__Work item__: An exact copy of the data below is needed; please leave out any pictures.

#####

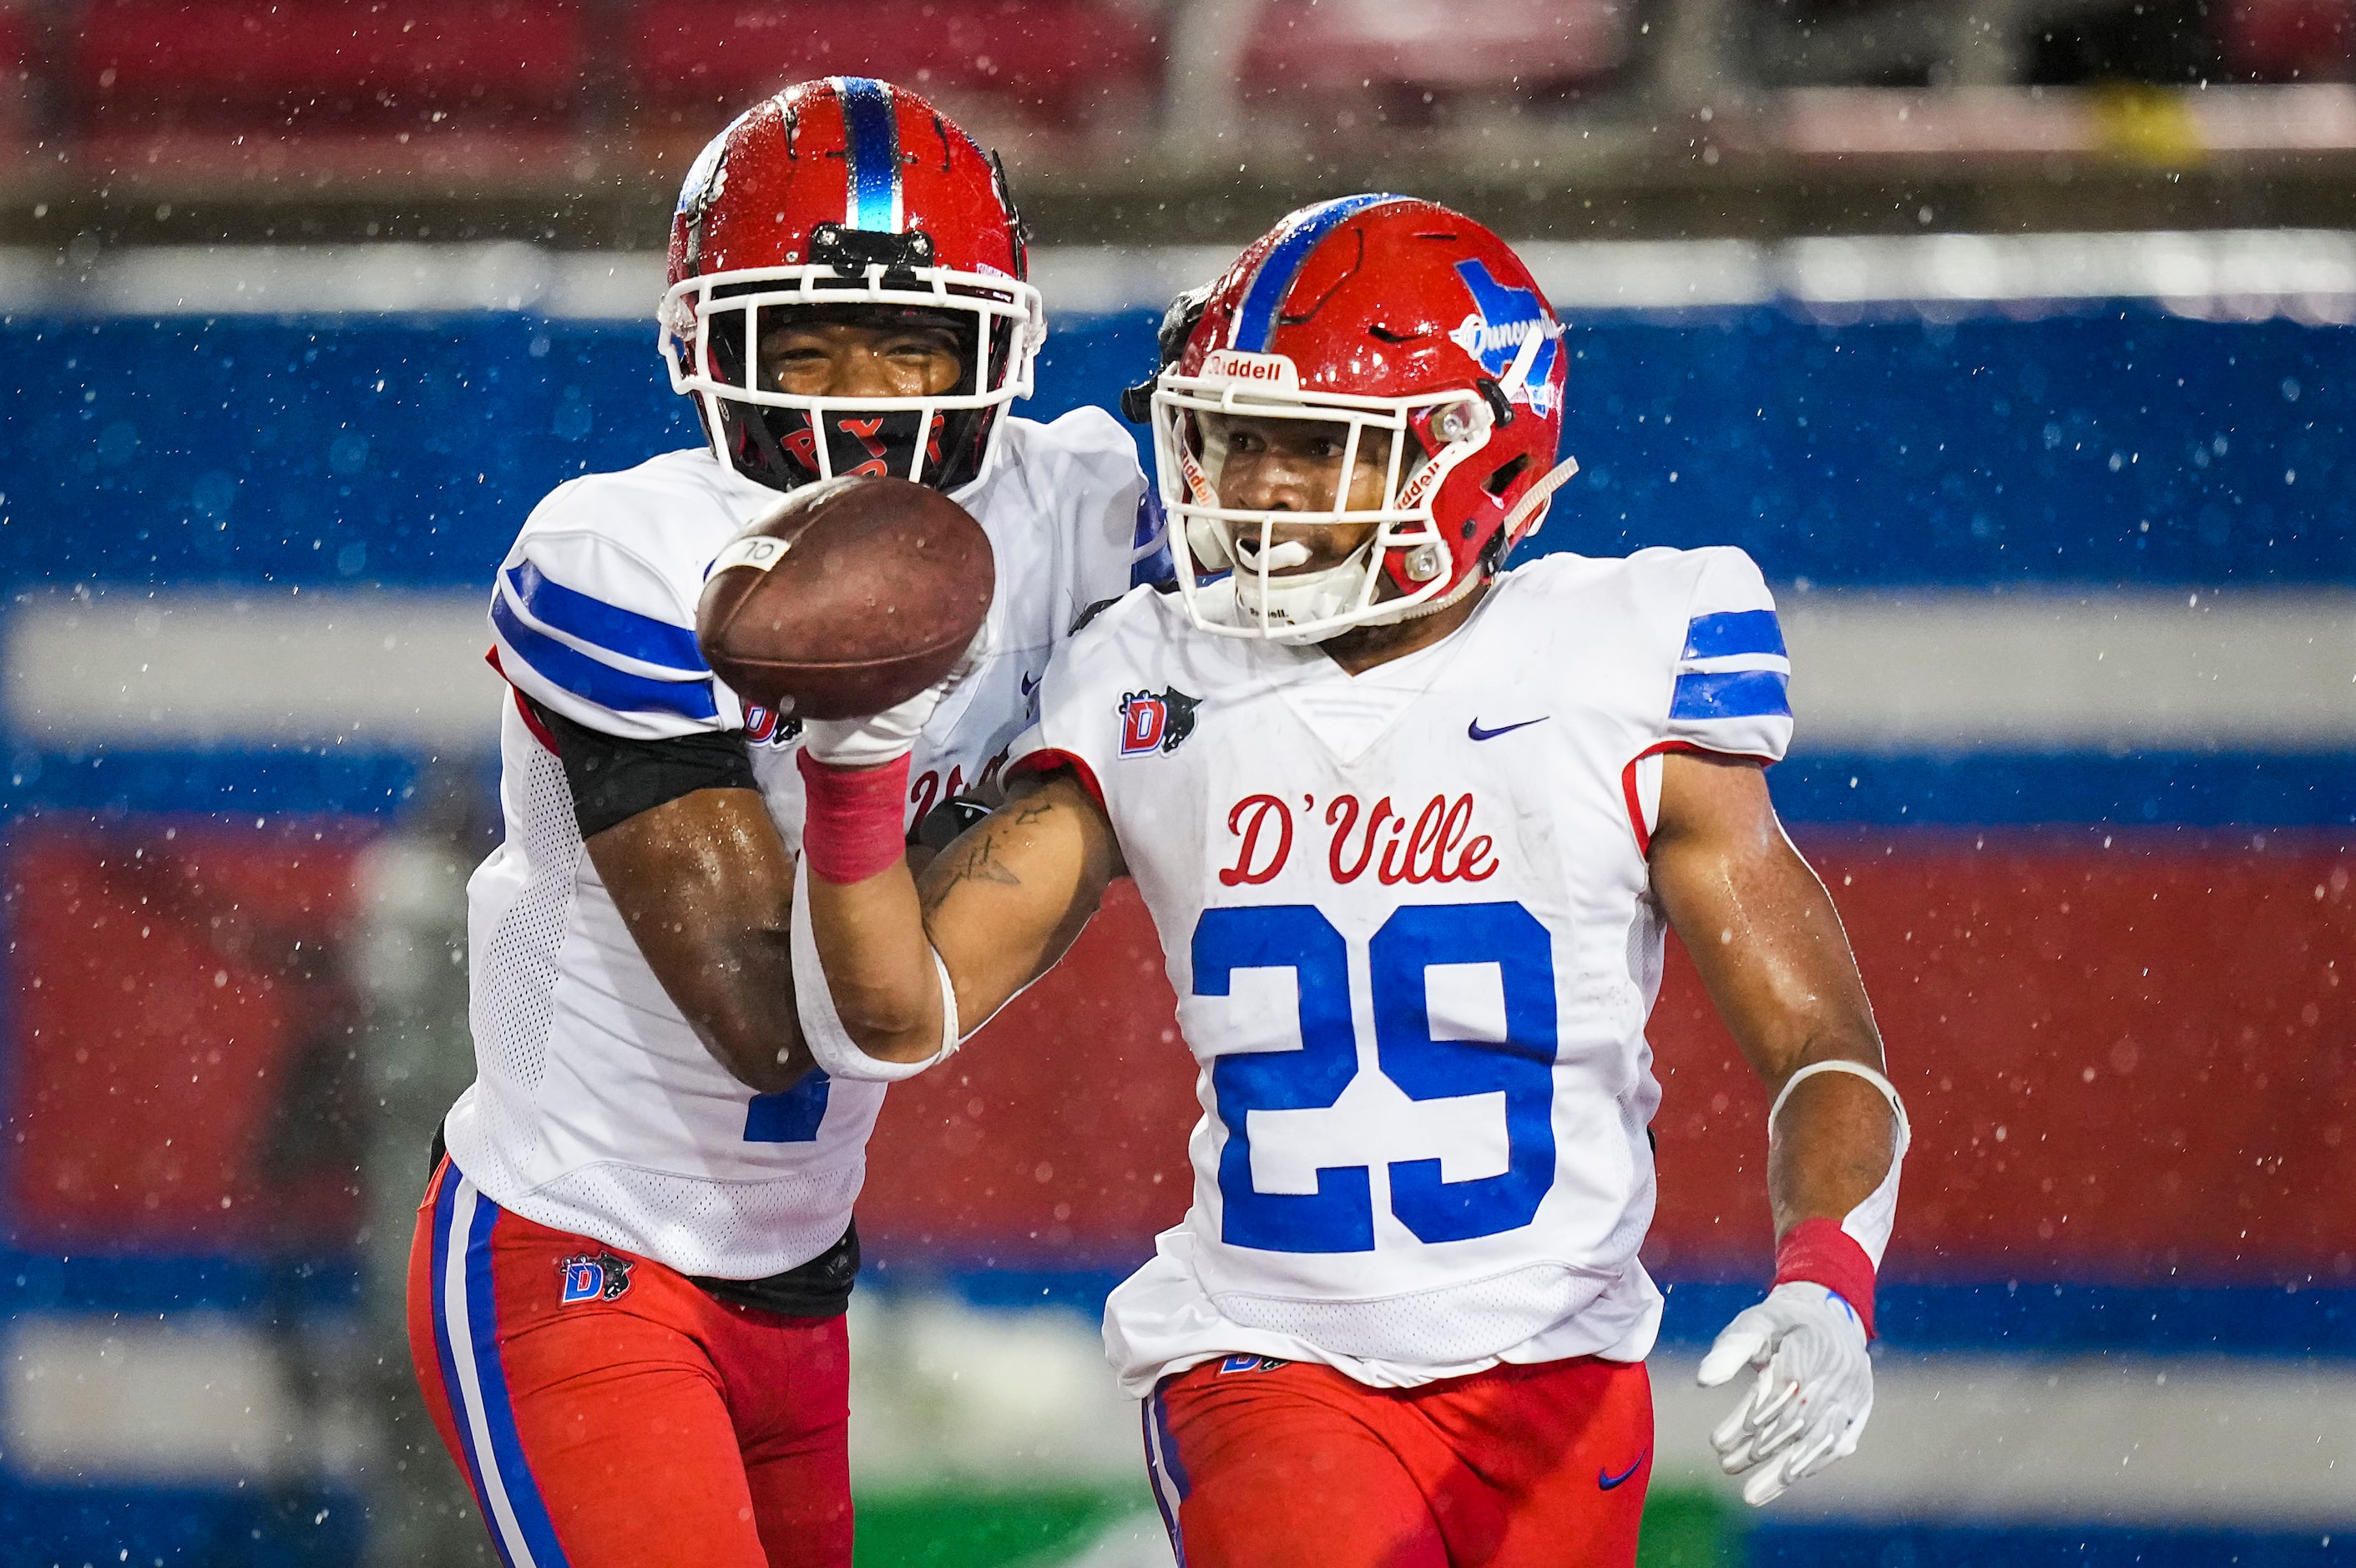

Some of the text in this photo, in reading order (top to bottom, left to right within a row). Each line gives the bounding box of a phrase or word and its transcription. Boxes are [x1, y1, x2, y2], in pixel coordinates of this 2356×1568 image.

[1208, 355, 1281, 381] Riddell
[1120, 696, 1168, 755] D
[1191, 900, 1558, 1254] 29
[562, 1262, 604, 1303] D

#####

__Solution__:
Some of the text in this photo, in reading order (top to bottom, left to right within a row). Each line gives the bounding box of a phrase or word and its transcription. Boxes are [x1, y1, x2, y2], in pixel coordinates of this 2356×1568 image.

[1208, 355, 1281, 381] Riddell
[1120, 696, 1168, 755] D
[1191, 900, 1558, 1254] 29
[562, 1262, 604, 1303] D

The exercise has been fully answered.